To keep profits high, we have long refused to pay a living wage to all Americans, so few have savings. Minorities, poorly paid and living in polluted areas of cities, have suffered the most. As minorities, they have been treated as expendable by rich white capitalist society, which clings to its racist roots. As murders by police exposed the truth, the rebellion demanding justice has rightly spread across America. Yet the president, backed by his racist supporters, wants to call in the troops to gun down protesters, and crush free speech protected by the constitution. Pathetically, a president who lies every day, is furious that Twitter is now fact-checking his lying tweets that endanger and threaten Americans.
The other dark side is that America is the only rich country that refuses to provide health care for all. We have a health care system, which is the most expensive in the world. However, for much of it the key unspoken goal is not to optimize the health of the nation, but to maximize profit for hospitals, drug companies and insurance companies. The political right keeps trying to destroy the limited effort to expand health coverage with Obamacare, because providing healthcare to the underpaid is not profitable. Unfortunately, their guiding rule that the poor have to work to serve us, even if they are sick, is a problem in a pandemic.
So when COVID struck, hospitals started losing money when they lost their profitable elective surgery, and they laid off nurses, staff and doctors. What they could not do with their surplus capacity was provide critical healthcare for the hard-working poor, the unemployed and for minorities. We are supposed to believe the capitalist hogwash that universal healthcare is un-American.

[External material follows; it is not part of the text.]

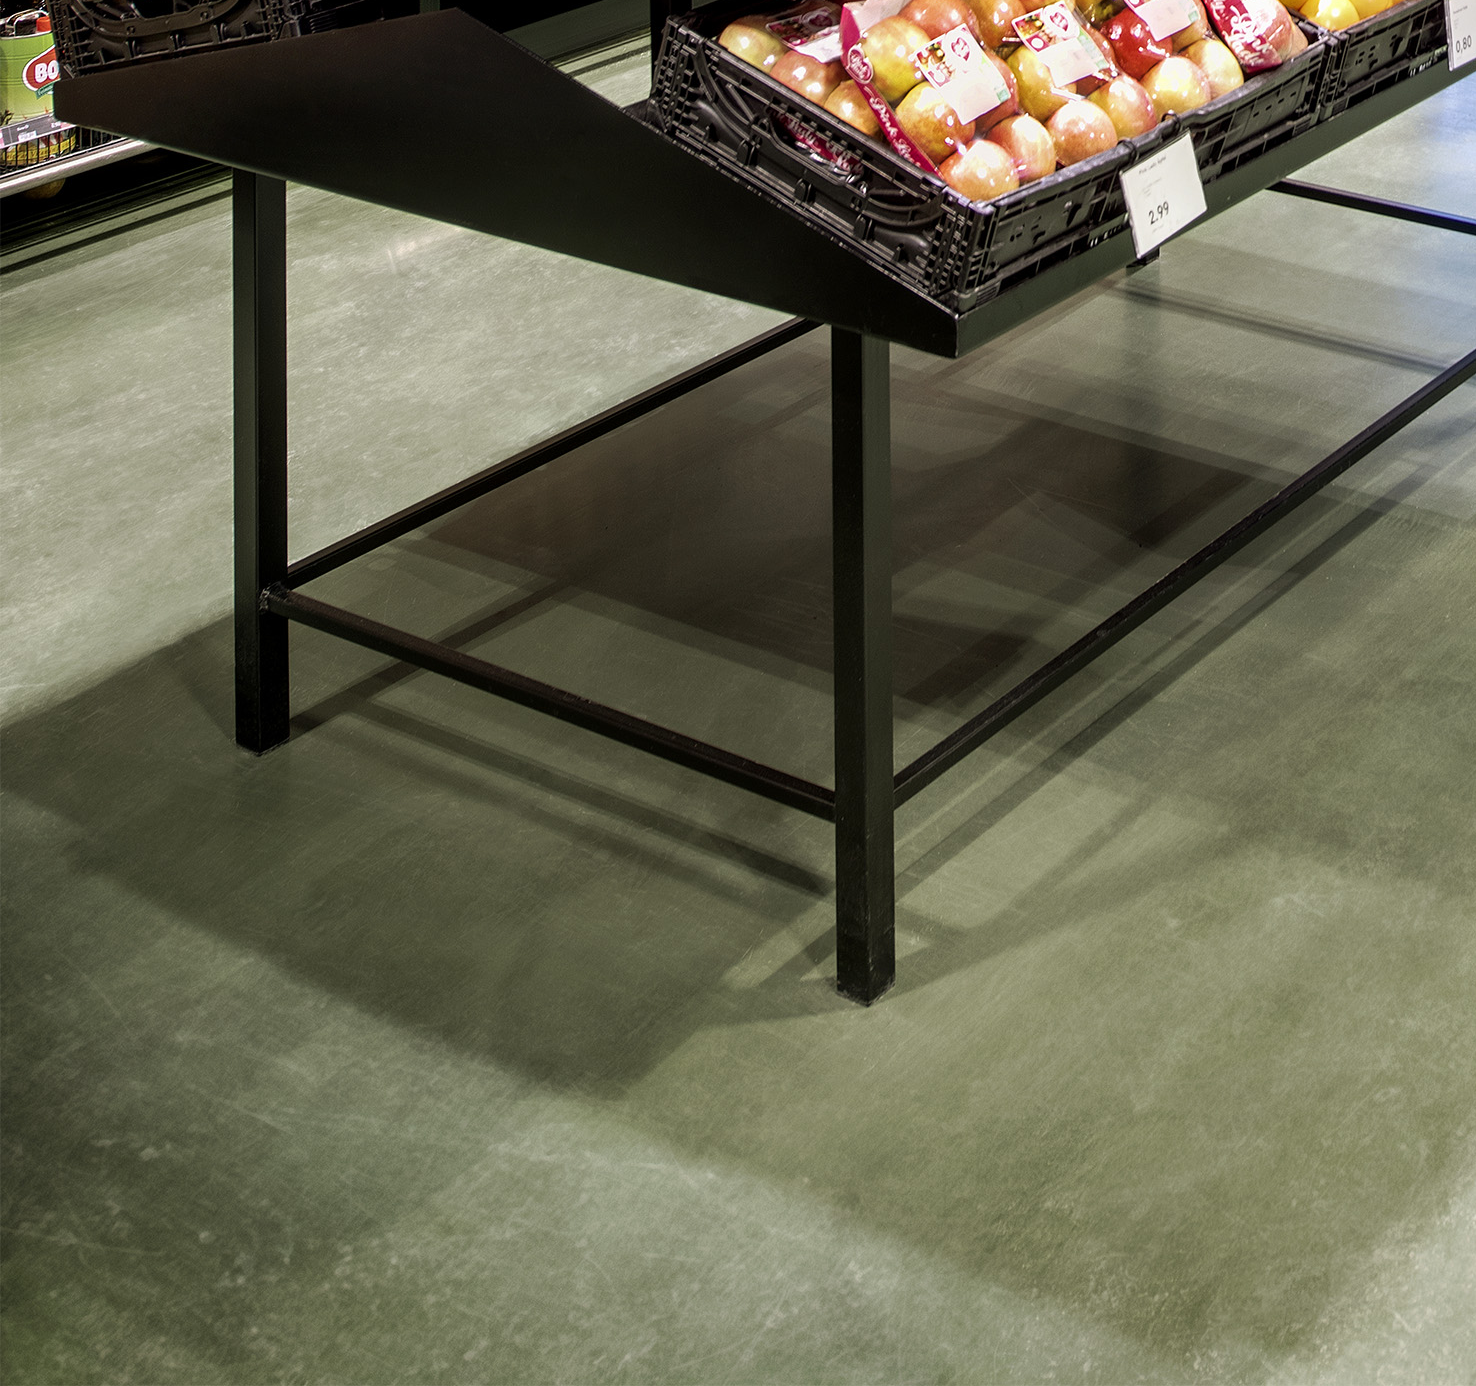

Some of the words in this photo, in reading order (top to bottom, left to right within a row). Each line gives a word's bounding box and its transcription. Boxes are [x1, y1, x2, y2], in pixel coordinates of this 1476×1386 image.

[1455, 35, 1473, 54] 0,80
[34, 60, 59, 84] BO
[864, 86, 898, 139] Pink
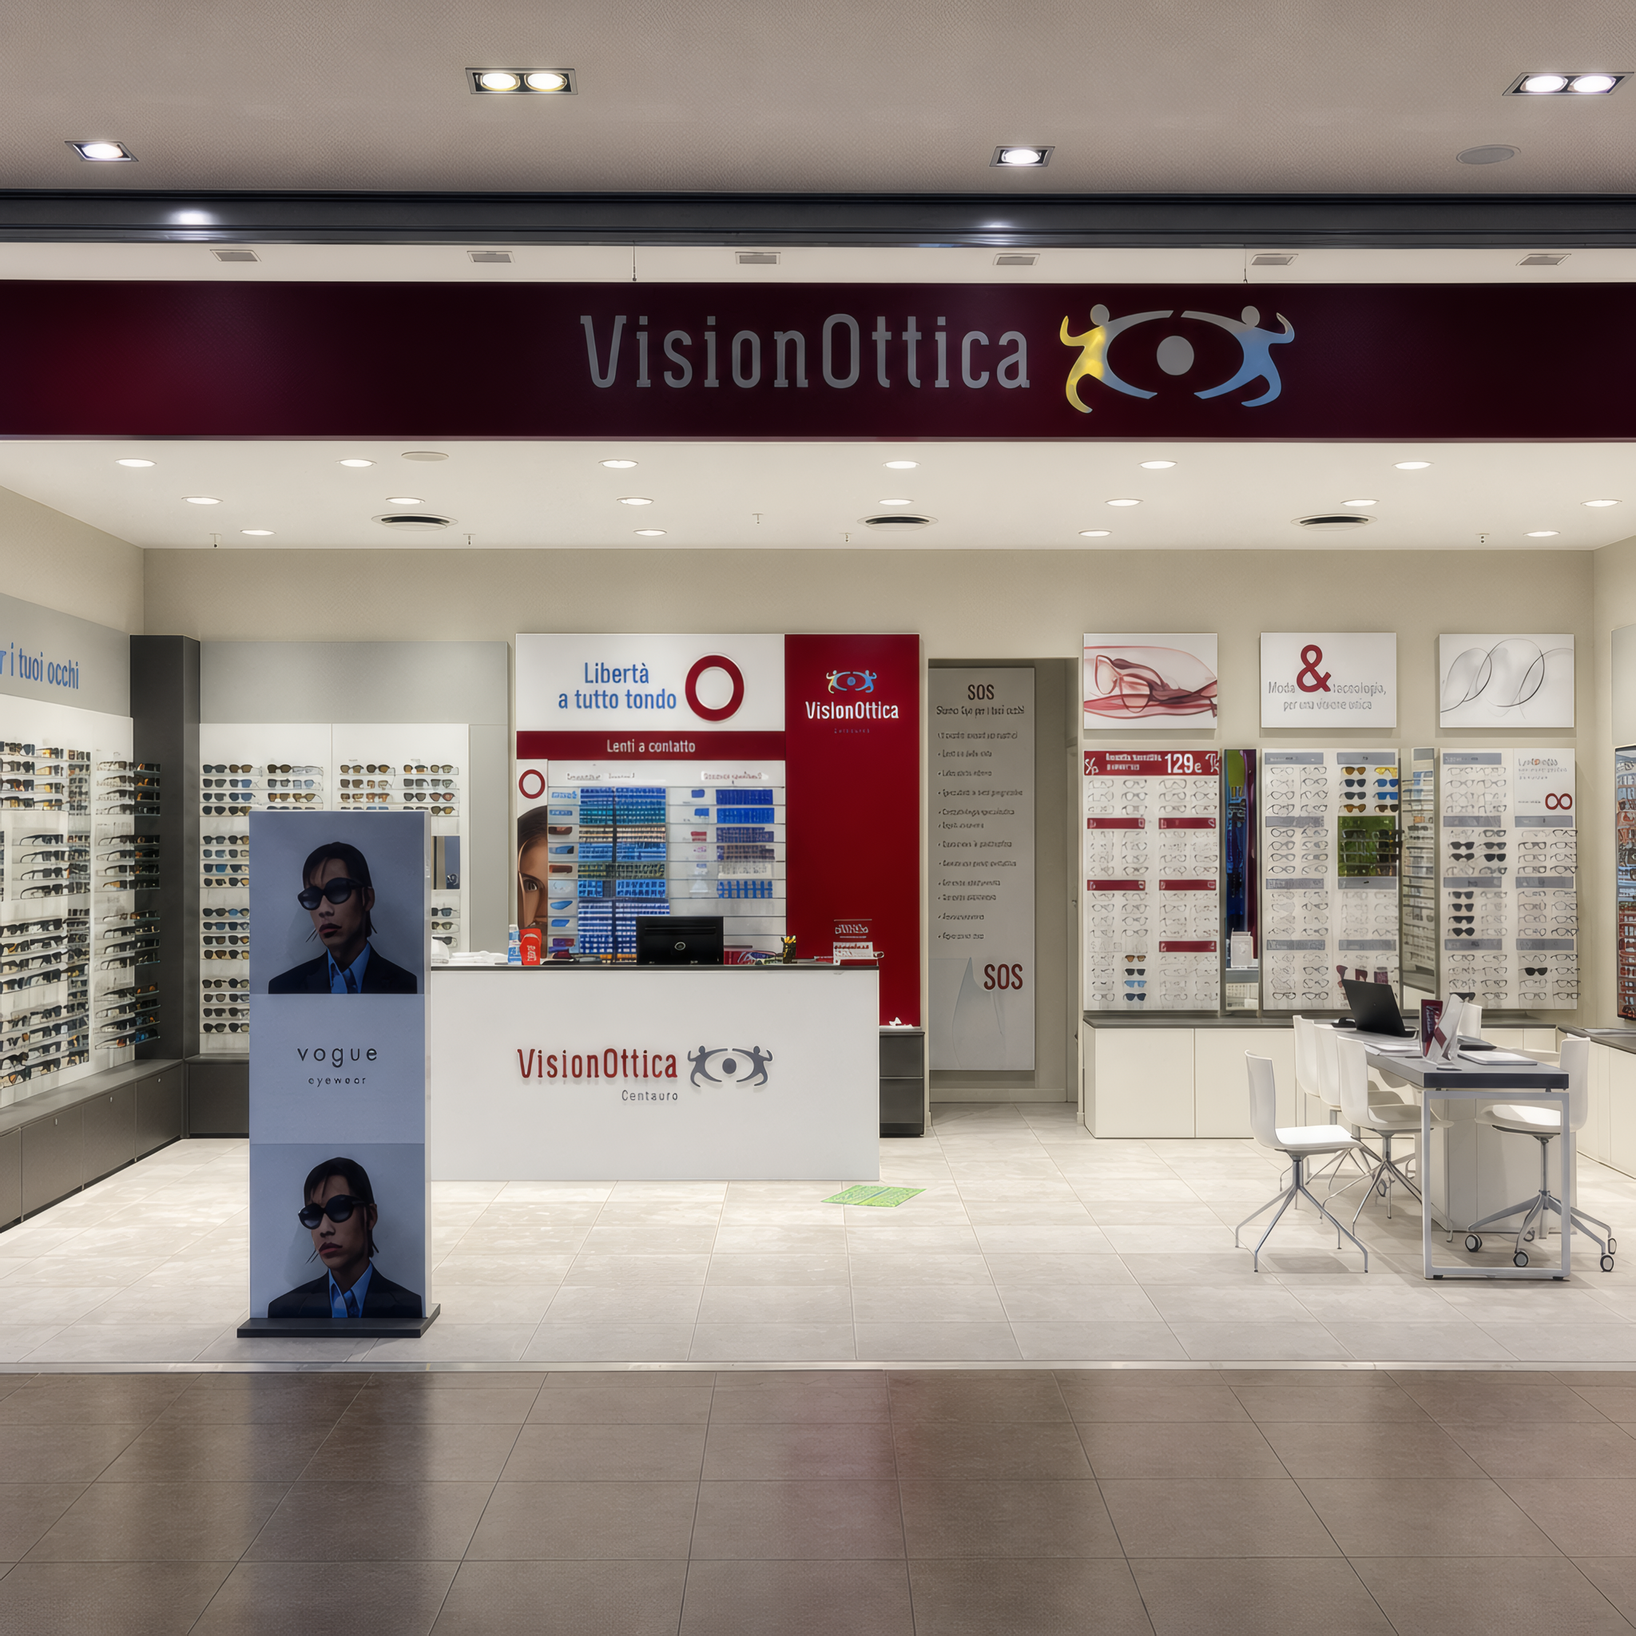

Many have died in our nursing homes in this crisis, which were also unprepared. The American Health Care Association opposed ‘burdensome regulations’ for emergency preparedness for pandemics, for the simple reason that these reduce profits. Again we see this conflict between profit and people’s lives in unregulated capitalism. Capitalism cannot prepare for future emergencies, whether a pandemic or climate change, since it places no value on the future. So building resilience is viewed as simply reducing current profits. And with deregulation, current profit for shareholders is their prime responsibility, not justice for people or for the Earth itself.
It will take courage to shake and reframe this immoral world, but now is the time. We all deserve better.